__DIRECTIONS__
For every entry, reproduce the wording exactly and omit any image it holds.
RECORDS SUPPLIED below:
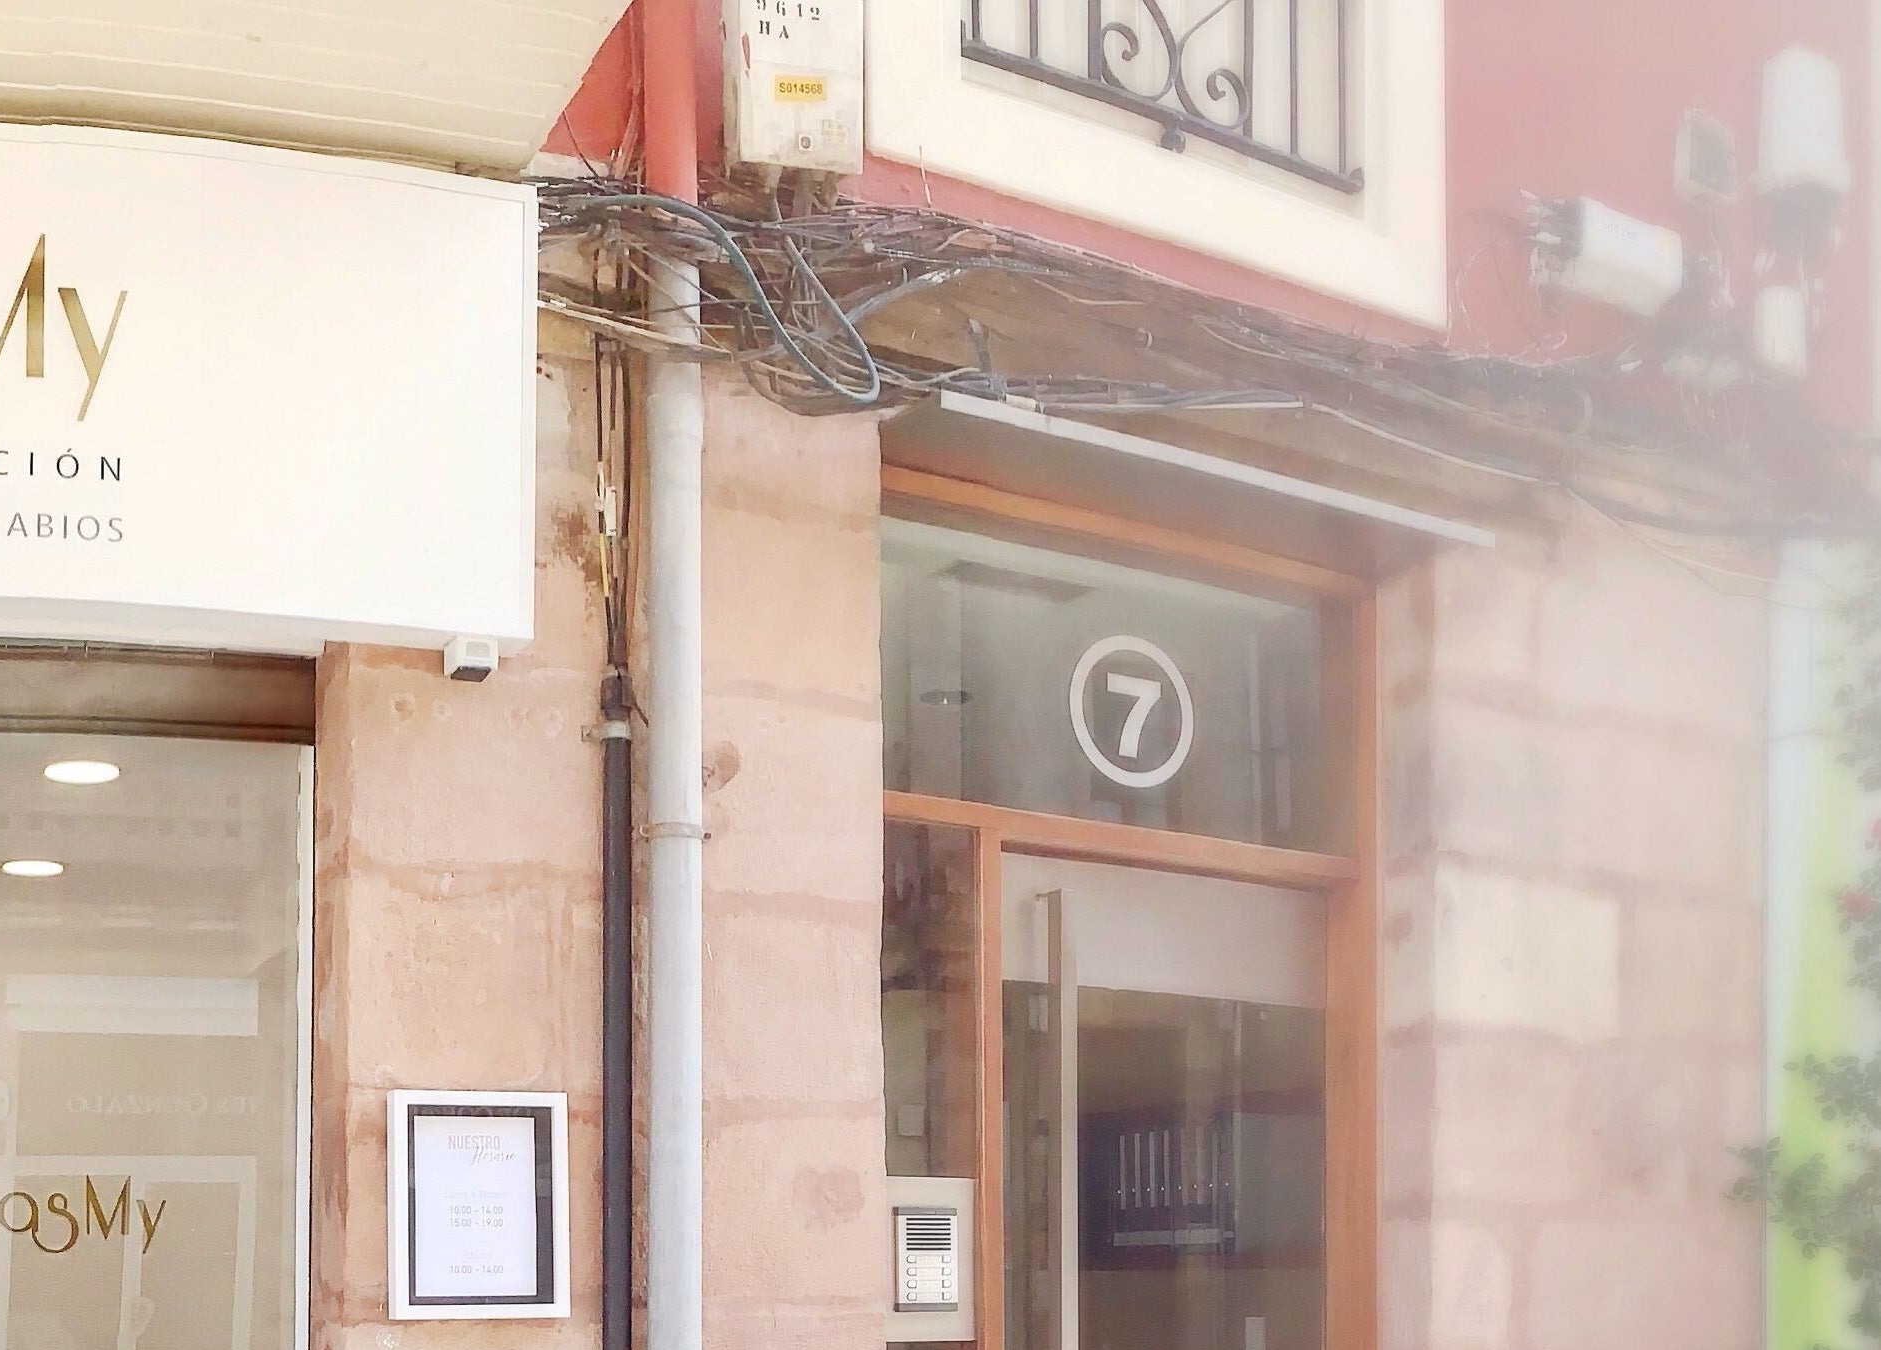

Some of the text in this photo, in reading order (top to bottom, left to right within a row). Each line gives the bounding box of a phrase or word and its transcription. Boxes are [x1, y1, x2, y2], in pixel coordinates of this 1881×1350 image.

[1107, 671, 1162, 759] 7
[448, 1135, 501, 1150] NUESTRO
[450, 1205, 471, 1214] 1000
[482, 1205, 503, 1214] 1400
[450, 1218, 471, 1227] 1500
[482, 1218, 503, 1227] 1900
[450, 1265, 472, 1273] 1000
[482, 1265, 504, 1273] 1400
End of RECORDS SUPPLIED.
__RESPONSE BOX__
Some of the text in this photo, in reading order (top to bottom, left to right within a row). Each line gives the bounding box of a phrase or word and its transcription. Boxes are [x1, y1, x2, y2], in pixel coordinates of this 1881×1350 image.

[1107, 671, 1162, 759] 7
[448, 1135, 501, 1150] NUESTRO
[450, 1205, 471, 1214] 1000
[482, 1205, 503, 1214] 1400
[450, 1218, 471, 1227] 1500
[482, 1218, 503, 1227] 1900
[450, 1265, 472, 1273] 1000
[482, 1265, 504, 1273] 1400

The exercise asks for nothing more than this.